Support Questions
Find answers, ask questions, and share your expertise
Announcements
Alert: Welcome to the Unified Cloudera Community. Former HCC members be sure to read and learn how to activate your account here.

Ambari freezes after running fine for a period of time. Shows OOM errors & requires a restart

Solved Go to solution

Ambari freezes after running fine for a period of time. Shows OOM errors & requires a restart

Ambari (2.1.1) is configued to run with 12 GBs of RAM in a small 4 node cluster. It still freezes up after running fine for a period of time and then just hangs.

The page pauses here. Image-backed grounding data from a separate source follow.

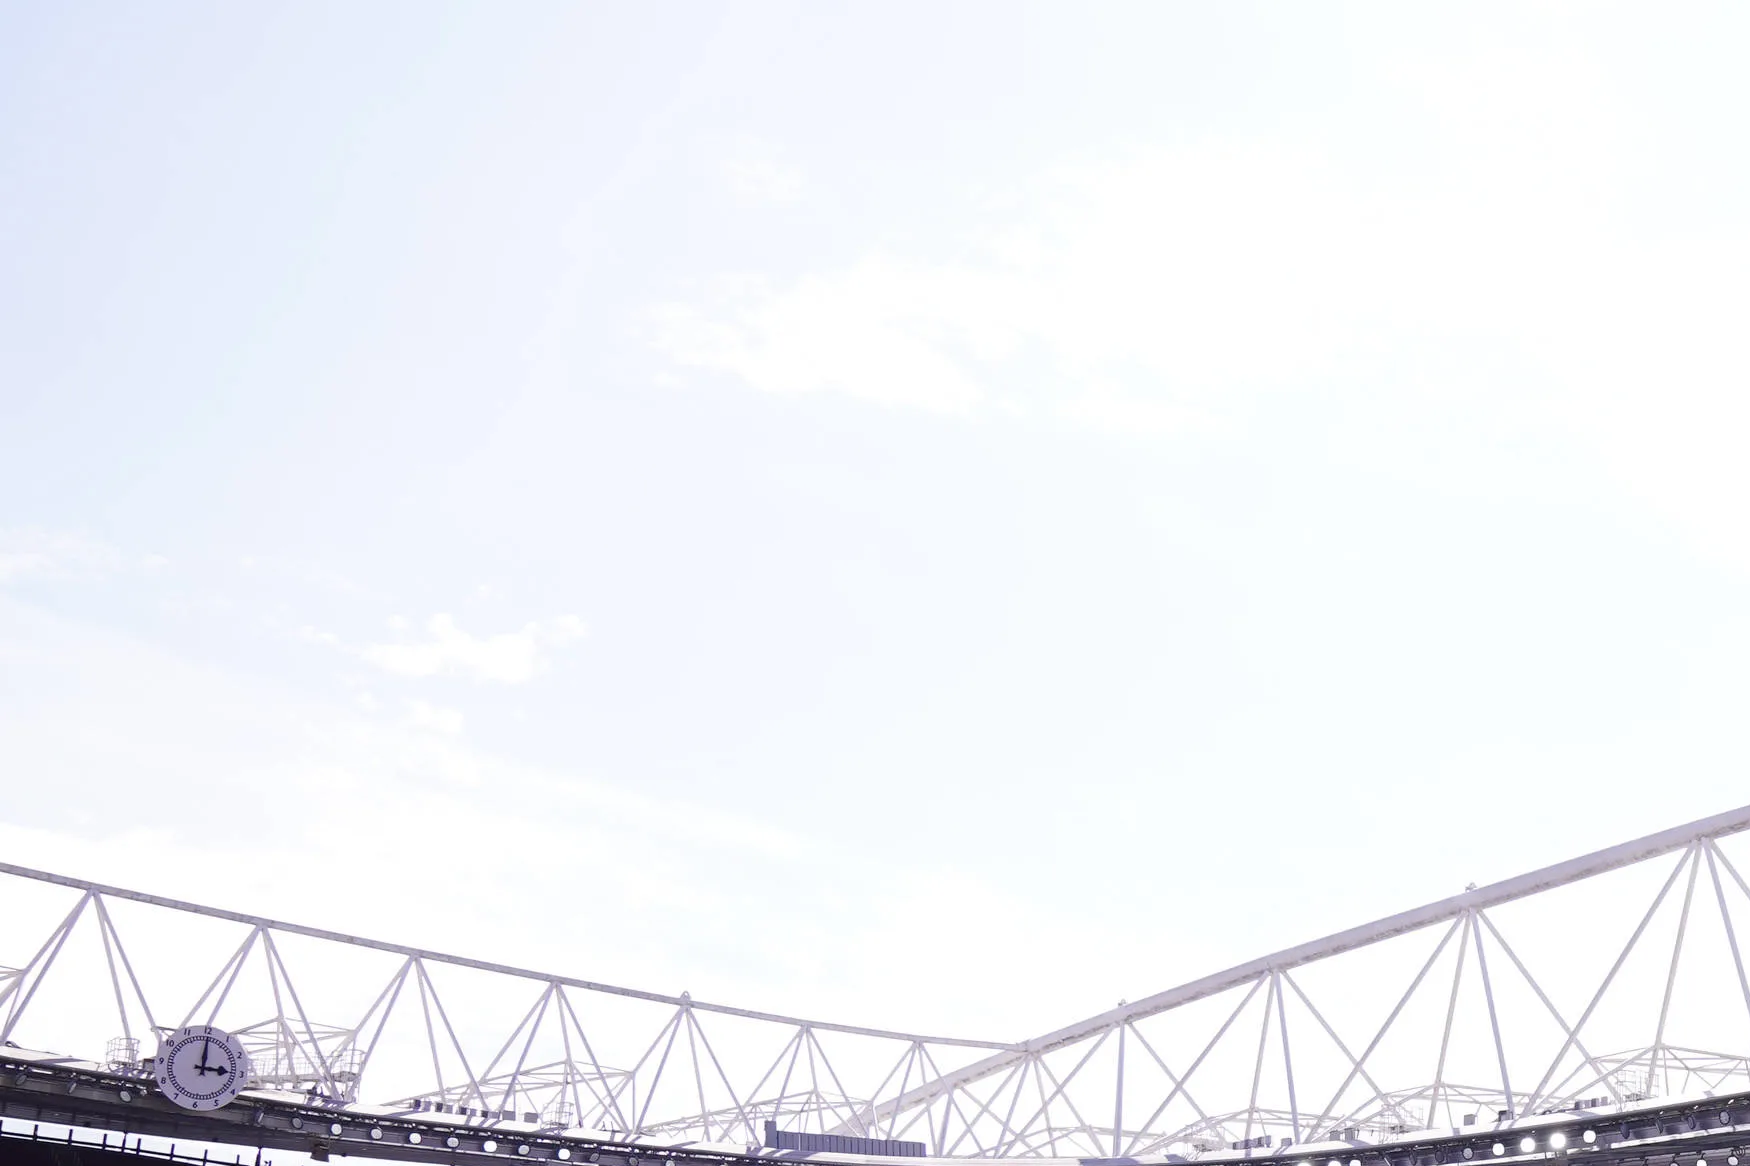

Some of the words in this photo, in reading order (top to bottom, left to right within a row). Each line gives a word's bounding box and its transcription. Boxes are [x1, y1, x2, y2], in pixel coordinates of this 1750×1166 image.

[183, 1028, 191, 1037] 11
[204, 1027, 212, 1035] 12
[166, 1039, 175, 1047] 10
[237, 1051, 243, 1059] 2
[158, 1057, 164, 1065] 9
[239, 1070, 244, 1078] 3
[174, 1092, 179, 1100] 7
[230, 1088, 236, 1096] 4
[192, 1101, 198, 1109] 6
[214, 1099, 219, 1107] 5

Here are some of the errors seen in the log files -

ambari-server.log

12 Oct 2015 13:04:56,303 ERROR [qtp-client-18920] MetricsPropertyProvider:183 - Error getting timeline metrics. Can not connect to collector, socket error.

12 Oct 2015 13:19:16,643 ERROR [qtp-client-18897] MetricsPropertyProvider:183 - Error getting timeline metrics. Can not connect to collector, socket error.

12 Oct 2015 16:02:46,153  WARN [qtp-client-19308] nio:726 - handle failed

13 Oct 2015 02:19:55,555  WARN [Timer-0] ThreadPoolAsynchronousRunner:608 - com.mchange.v2.async.ThreadPoolAsynchronousRunner$DeadlockDetector@4214238c -- APPARENT DEADLOCK!!! Creating emergency threads for unassigned pending tasks!

ambari-server.out

Exception: java.lang.OutOfMemoryError thrown from the UncaughtExceptionHandler in thread "alert-event-bus-3175"
Exception in thread "alert-event-bus-3179" 
Exception: java.lang.OutOfMemoryError thrown from the UncaughtExceptionHandler in thread "alert-event-bus-3179"
Exception in thread "alert-event-bus-3178" 
Exception: java.lang.OutOfMemoryError thrown from the UncaughtExceptionHandler in thread "alert-event-bus-3178"
Exception in thread "alert-event-bus-3180" 
Exception: java.lang.OutOfMemoryError thrown from the UncaughtExceptionHandler in thread "alert-event-bus-3180"
Exception in thread "alert-event-bus-3181" 
Exception: java.lang.OutOfMemoryError thrown from the UncaughtExceptionHandler in thread "alert-event-bus-3181"
Exception in thread "alert-event-bus-3182" 
Exception: java.lang.OutOfMemoryError thrown from the UncaughtExceptionHandler in thread "alert-event-bus-3182"
Exception in thread "alert-event-bus-3183" Exception in thread "alert-event-bus-3184" 
Exception: java.lang.OutOfMemoryError thrown from the UncaughtExceptionHandler in thread "alert-event-bus-3183"

Exception: java.lang.OutOfMemoryError thrown from the UncaughtExceptionHandler in thread "alert-event-bus-3184"

Thread Dump shows threads in following states (count - state)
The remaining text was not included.